What you will do - Where a picture appears in the data below, exclude it; restate everything else word for word.

The data -
* * * *

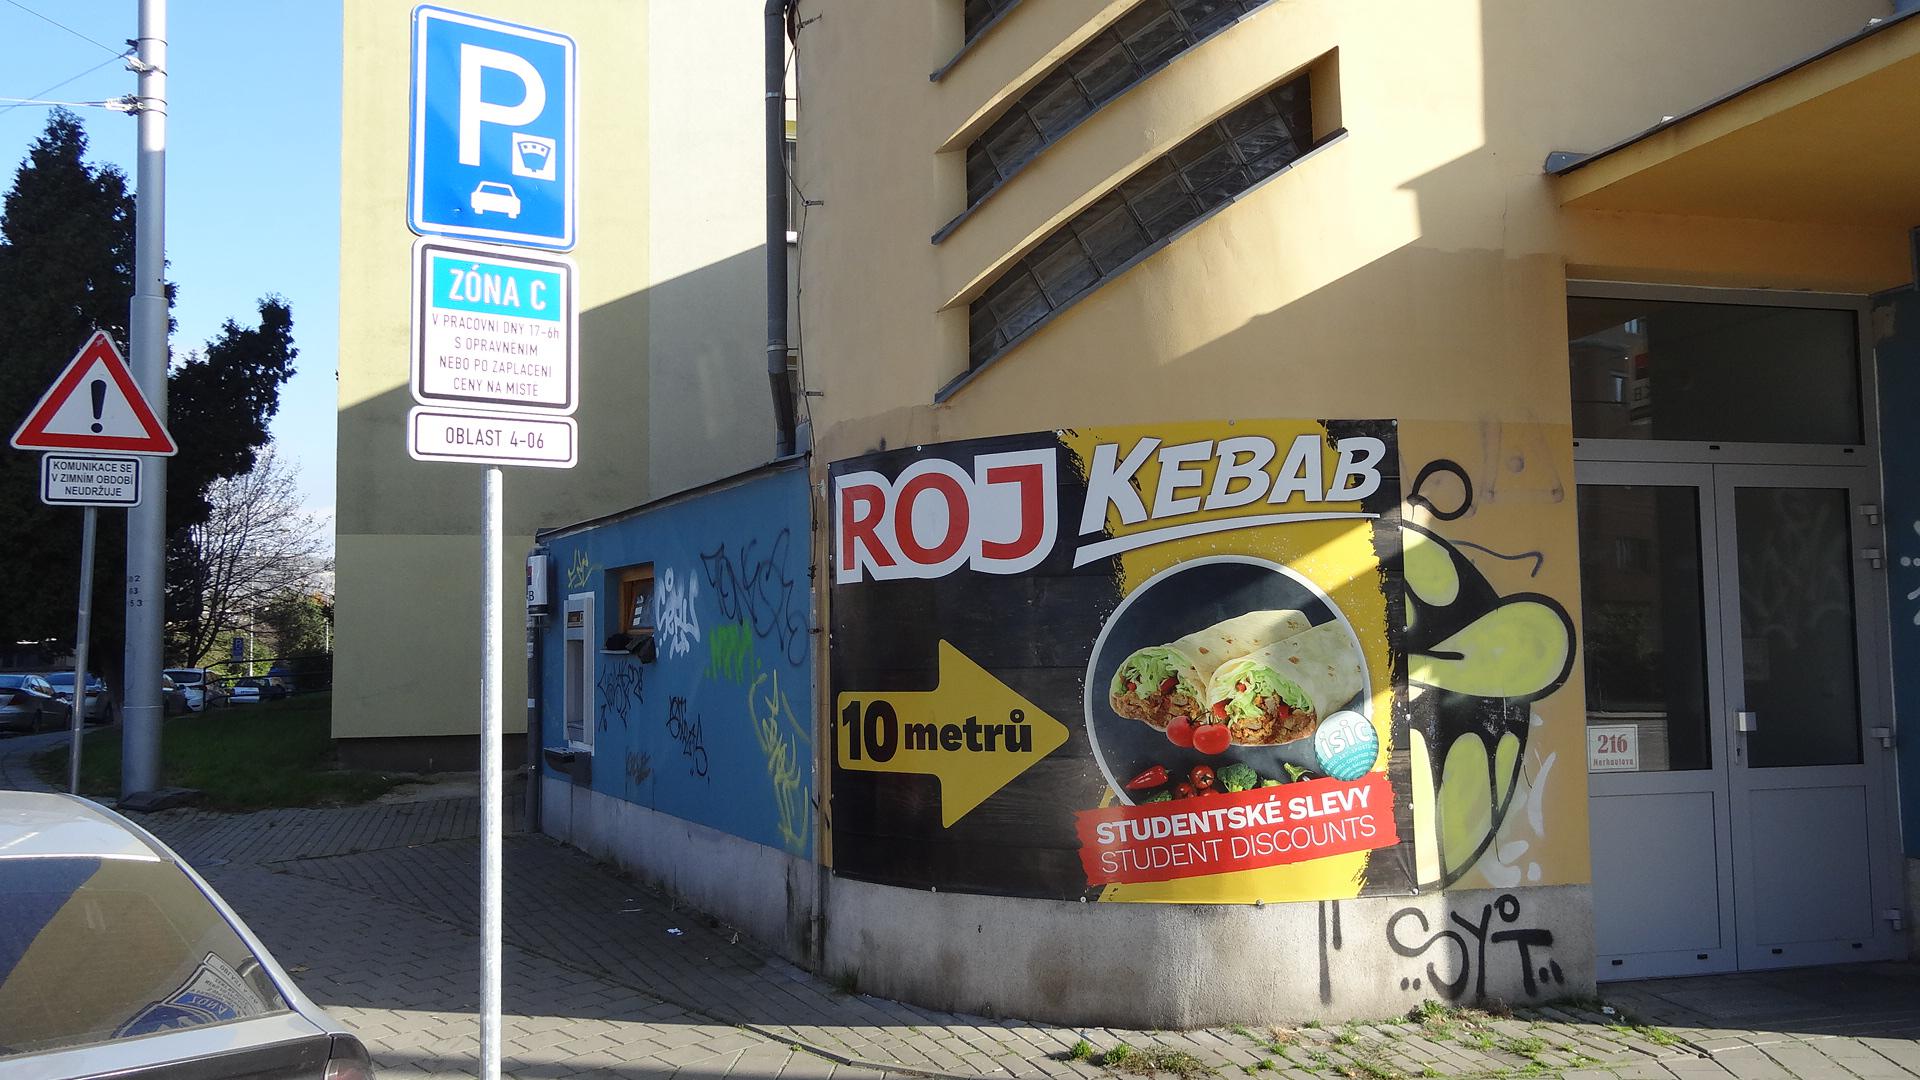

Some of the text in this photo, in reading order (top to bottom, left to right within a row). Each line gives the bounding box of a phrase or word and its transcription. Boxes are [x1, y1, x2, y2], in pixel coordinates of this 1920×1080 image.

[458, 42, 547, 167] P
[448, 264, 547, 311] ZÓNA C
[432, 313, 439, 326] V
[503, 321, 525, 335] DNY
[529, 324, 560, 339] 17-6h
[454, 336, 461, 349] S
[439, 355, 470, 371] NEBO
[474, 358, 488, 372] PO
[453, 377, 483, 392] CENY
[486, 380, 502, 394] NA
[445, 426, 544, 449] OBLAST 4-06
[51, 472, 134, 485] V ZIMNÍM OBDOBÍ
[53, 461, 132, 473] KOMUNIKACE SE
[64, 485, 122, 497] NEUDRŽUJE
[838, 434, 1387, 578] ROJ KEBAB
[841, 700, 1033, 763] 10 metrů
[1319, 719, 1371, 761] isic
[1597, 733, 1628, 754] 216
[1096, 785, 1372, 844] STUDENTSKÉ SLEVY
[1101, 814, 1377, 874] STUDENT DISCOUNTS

* * * *

Solution to this problem -
Some of the text in this photo, in reading order (top to bottom, left to right within a row). Each line gives the bounding box of a phrase or word and its transcription. Boxes are [x1, y1, x2, y2], in pixel coordinates of this 1920×1080 image.

[458, 42, 547, 167] P
[448, 264, 547, 311] ZÓNA C
[432, 313, 439, 326] V
[503, 321, 525, 335] DNY
[529, 324, 560, 339] 17-6h
[454, 336, 461, 349] S
[439, 355, 470, 371] NEBO
[474, 358, 488, 372] PO
[453, 377, 483, 392] CENY
[486, 380, 502, 394] NA
[445, 426, 544, 449] OBLAST 4-06
[51, 472, 134, 485] V ZIMNÍM OBDOBÍ
[53, 461, 132, 473] KOMUNIKACE SE
[64, 485, 122, 497] NEUDRŽUJE
[838, 434, 1387, 578] ROJ KEBAB
[841, 700, 1033, 763] 10 metrů
[1319, 719, 1371, 761] isic
[1597, 733, 1628, 754] 216
[1096, 785, 1372, 844] STUDENTSKÉ SLEVY
[1101, 814, 1377, 874] STUDENT DISCOUNTS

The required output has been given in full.